BEGIN Records
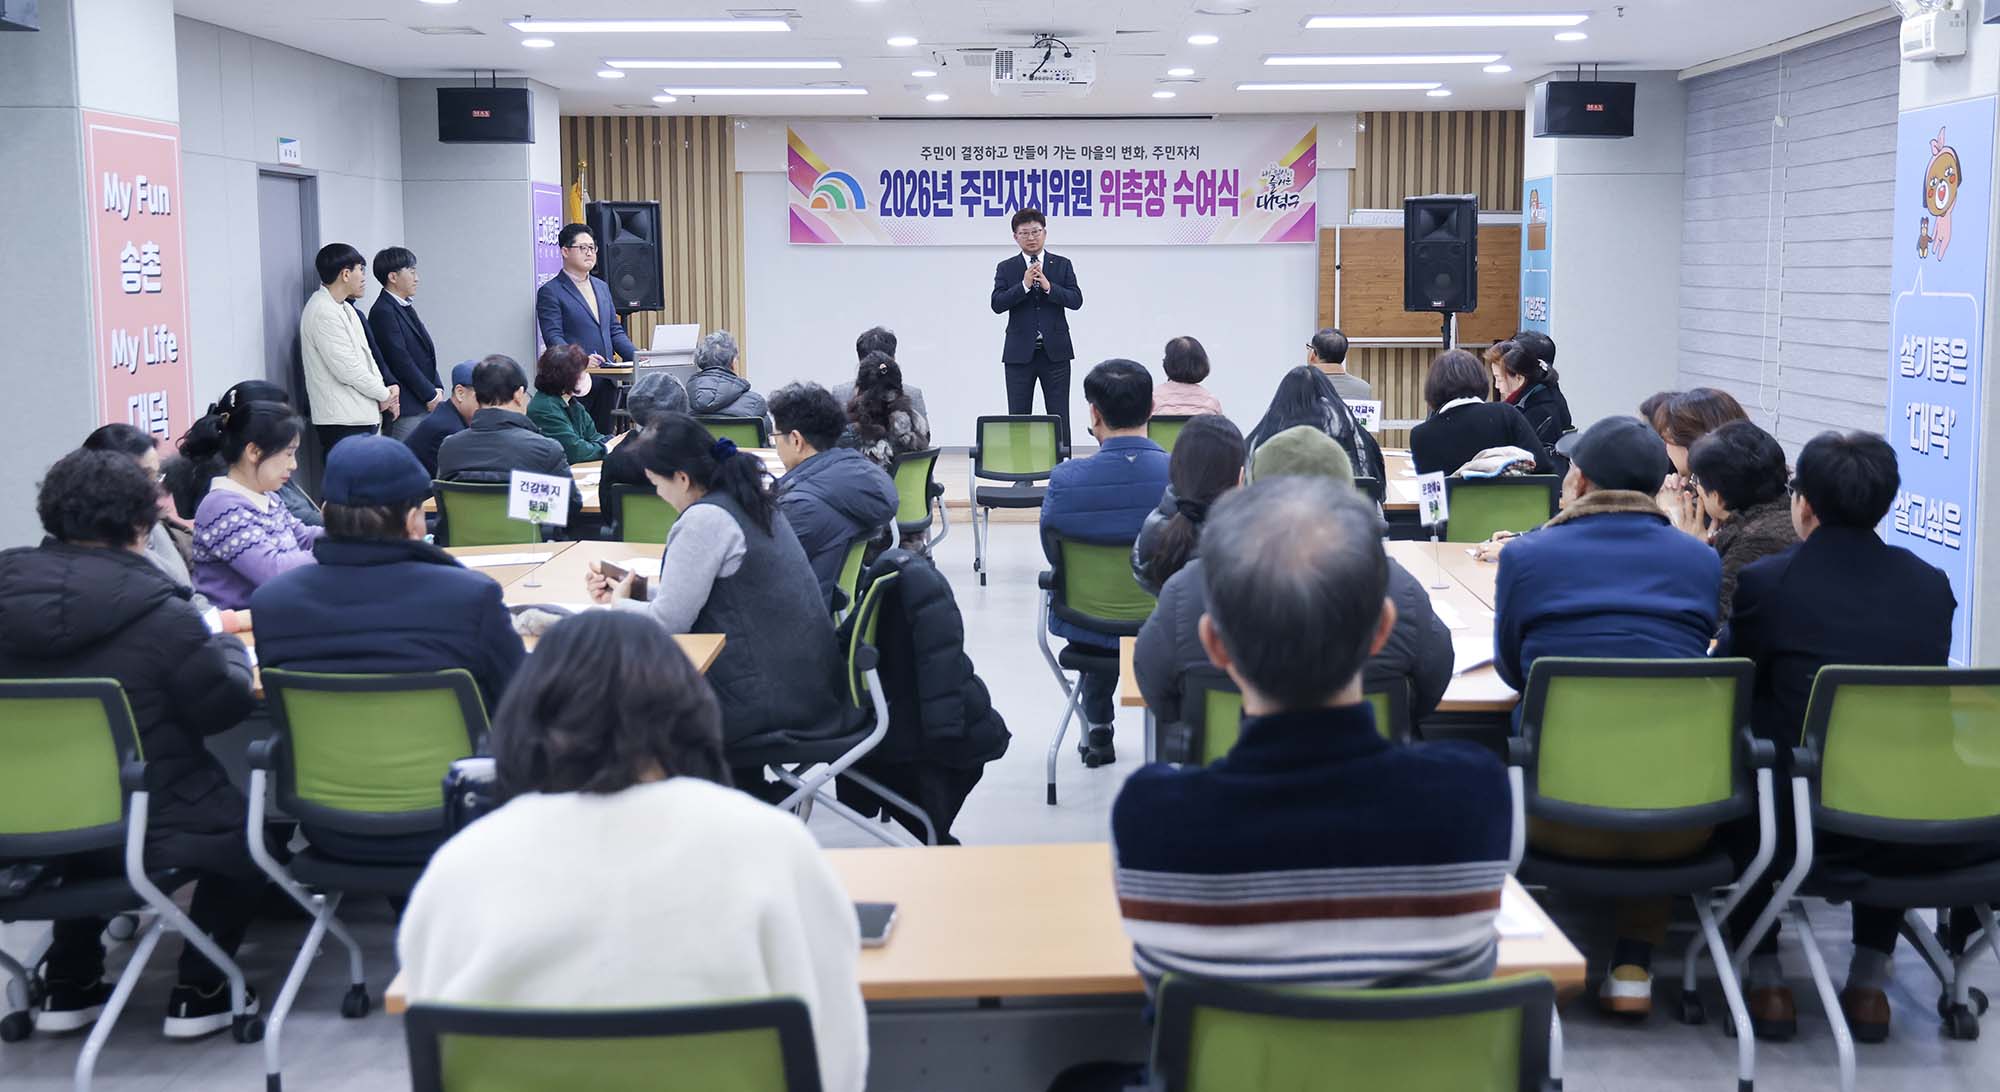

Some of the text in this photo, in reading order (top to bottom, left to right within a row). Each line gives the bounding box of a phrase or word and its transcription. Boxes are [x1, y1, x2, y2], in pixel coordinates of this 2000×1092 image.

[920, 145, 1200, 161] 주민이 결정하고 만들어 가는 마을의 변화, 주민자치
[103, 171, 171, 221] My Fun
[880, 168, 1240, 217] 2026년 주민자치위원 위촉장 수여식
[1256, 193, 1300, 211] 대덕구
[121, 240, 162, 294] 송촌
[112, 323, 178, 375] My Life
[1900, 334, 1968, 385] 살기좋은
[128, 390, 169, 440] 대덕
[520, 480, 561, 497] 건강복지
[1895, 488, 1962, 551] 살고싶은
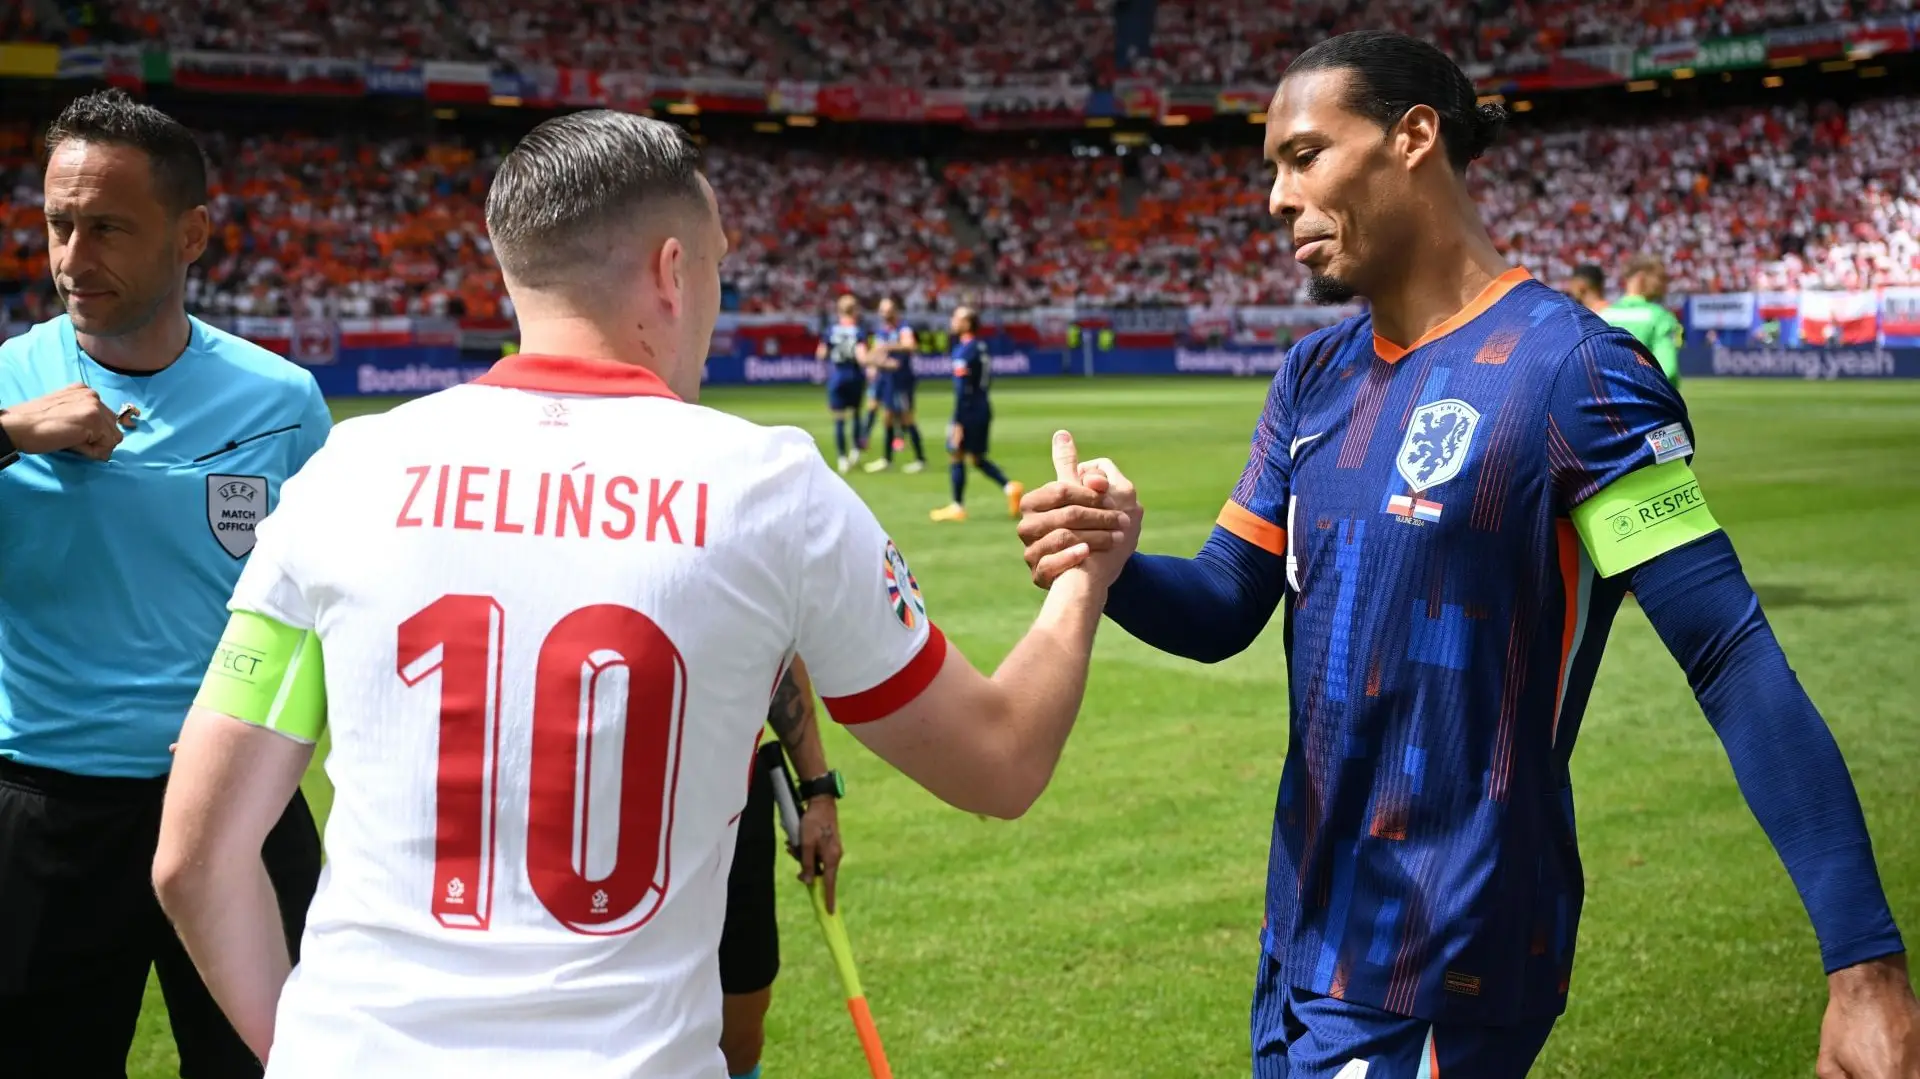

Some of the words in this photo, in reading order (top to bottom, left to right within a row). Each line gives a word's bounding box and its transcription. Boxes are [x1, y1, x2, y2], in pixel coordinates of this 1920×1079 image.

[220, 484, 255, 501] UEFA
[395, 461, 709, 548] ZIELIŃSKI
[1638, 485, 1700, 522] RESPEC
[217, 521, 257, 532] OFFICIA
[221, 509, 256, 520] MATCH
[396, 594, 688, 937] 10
END Records
**Action item**
Output a verbatim copy of the entries and skip the pictures.

**Exercise answer**
Some of the text in this photo, in reading order (top to bottom, left to right within a row). Each line gives the bounding box of a phrase or word and its transcription. Boxes are [x1, y1, x2, y2], in pixel coordinates of this 2000×1092 image.

[920, 145, 1200, 161] 주민이 결정하고 만들어 가는 마을의 변화, 주민자치
[103, 171, 171, 221] My Fun
[880, 168, 1240, 217] 2026년 주민자치위원 위촉장 수여식
[1256, 193, 1300, 211] 대덕구
[121, 240, 162, 294] 송촌
[112, 323, 178, 375] My Life
[1900, 334, 1968, 385] 살기좋은
[128, 390, 169, 440] 대덕
[520, 480, 561, 497] 건강복지
[1895, 488, 1962, 551] 살고싶은

Some of the words in this photo, in reading order (top to bottom, left to right within a row). Each line gives a word's bounding box and its transcription. Boxes are [x1, y1, x2, y2], in pixel coordinates of this 1920×1079 image.

[220, 484, 255, 501] UEFA
[395, 461, 709, 548] ZIELIŃSKI
[1638, 485, 1700, 522] RESPEC
[217, 521, 257, 532] OFFICIA
[221, 509, 256, 520] MATCH
[396, 594, 688, 937] 10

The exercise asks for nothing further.